Illustrating that point as vividly as anything I can recall, MSNBC's Tucker Carlson had Peev on his show last night and angrily criticized her publication of Power's remarks. Carlson upbraided Peev for her lack of deference to someone as important as Power, and Peev retorted by pointing out exactly what that attitude reflects about Carlson and the American press generally (via LEXIS; h/t Mike Stark):
CARLSON: What -- she wanted it off the record. Typically, the arrangement is if someone you're interviewing wants a quote off the record, you give it to them off the record. Why didn't you do that?
PEEV: Are you really that acquiescent in the United States? In the United Kingdom, journalists believe that on or off the record is a principle that's decided ahead of the interview. If a figure in public life.

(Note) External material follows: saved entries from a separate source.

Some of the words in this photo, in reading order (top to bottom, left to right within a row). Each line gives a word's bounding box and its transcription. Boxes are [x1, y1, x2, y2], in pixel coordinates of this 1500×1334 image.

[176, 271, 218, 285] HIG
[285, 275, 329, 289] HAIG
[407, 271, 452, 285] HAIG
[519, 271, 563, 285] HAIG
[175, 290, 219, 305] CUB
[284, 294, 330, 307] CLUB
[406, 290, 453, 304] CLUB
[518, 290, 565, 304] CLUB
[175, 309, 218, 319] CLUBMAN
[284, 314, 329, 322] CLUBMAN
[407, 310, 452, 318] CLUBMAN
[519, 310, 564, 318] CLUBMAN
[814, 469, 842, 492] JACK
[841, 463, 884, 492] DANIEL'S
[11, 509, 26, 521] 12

PEEV: Someone who's ostensibly going to be an advisor to the man who could be the most powerful politician in the world, if she makes a comment and decides it's a bit too controversial and wants to withdraw it immediately after, unfortunately if the interview is on the record, it has to go ahead.
CARLSON: Right. Well, it's a little.
PEEV: I didn't set out in any way, shape.

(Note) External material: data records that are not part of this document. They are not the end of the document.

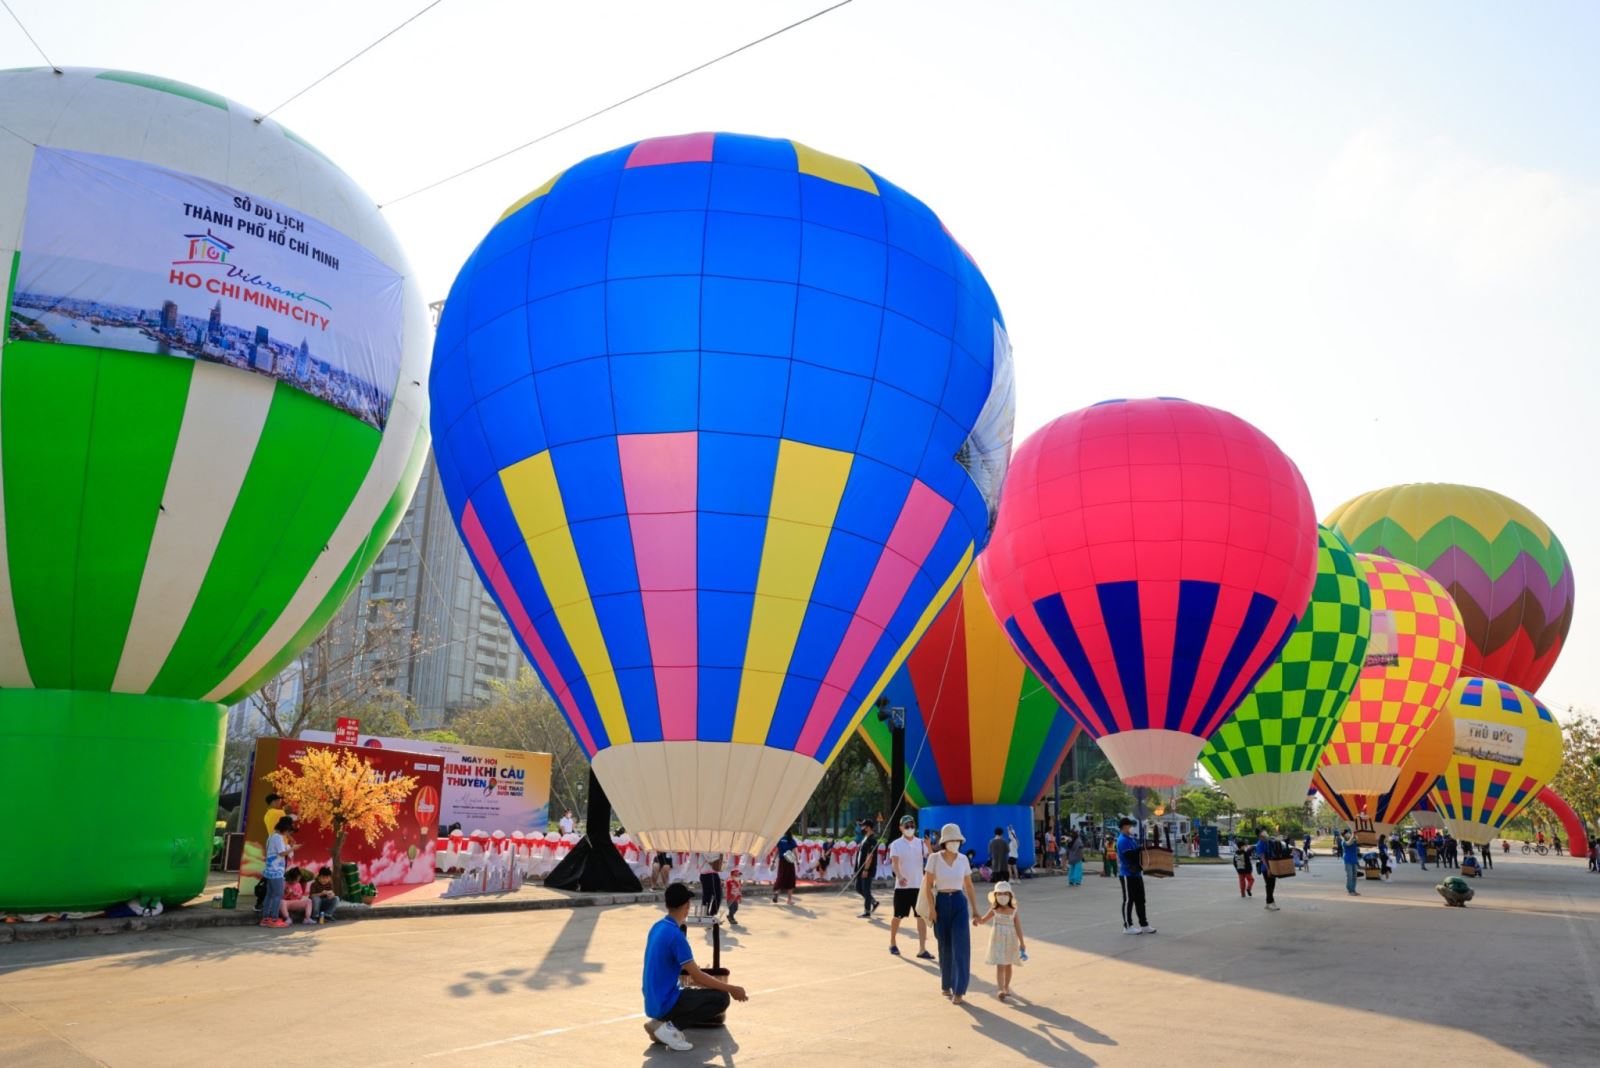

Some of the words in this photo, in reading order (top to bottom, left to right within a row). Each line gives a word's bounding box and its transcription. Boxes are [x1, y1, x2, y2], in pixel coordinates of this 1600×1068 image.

[183, 203, 233, 228] THÀNH
[237, 219, 267, 238] PHỐ
[268, 229, 286, 246] HỒ
[289, 237, 309, 257] CHÍ
[312, 247, 339, 271] MINH
[233, 196, 251, 212] SỞ
[255, 204, 273, 220] DU
[276, 212, 304, 233] LỊCH
[169, 269, 202, 289] HO
[206, 278, 240, 299] CHI
[243, 287, 290, 315] MINH
[291, 305, 330, 332] CITY
[227, 263, 331, 310] Vibrant

CARLSON: Right. But I mean, since journalistic standards in Great Britain are so much dramatically lower than they are here, it's a little much being lectured on journalistic ethics by a reporter from the "Scotsman," but I wonder if you could just explain what you think the effect is on the relationship between the press and the powerful. People don't talk to you when you go out of your way to hurt them as you did in this piece.
Don't you think that hurts the rest of us in our effort to get to the truth from the principals in these campaigns?
PEEV: If this is the first time that candid remarks have been published about what one campaign team thinks of the other candidate, then I would argue that your journalists aren't doing a very good job of getting to the truth. Now I did not go out of my way in any way, shape or form to hurt Miss Power. I believe she's an intelligent and perfectly affable woman. In fact, she's -- she is incredibly intelligent so she -- who knows she may have known what she was doing.
She regretted it. She probably acted with integrity. It's not for me to decide one way or the other whether she did the right thing. But I did not go out and try to end her career.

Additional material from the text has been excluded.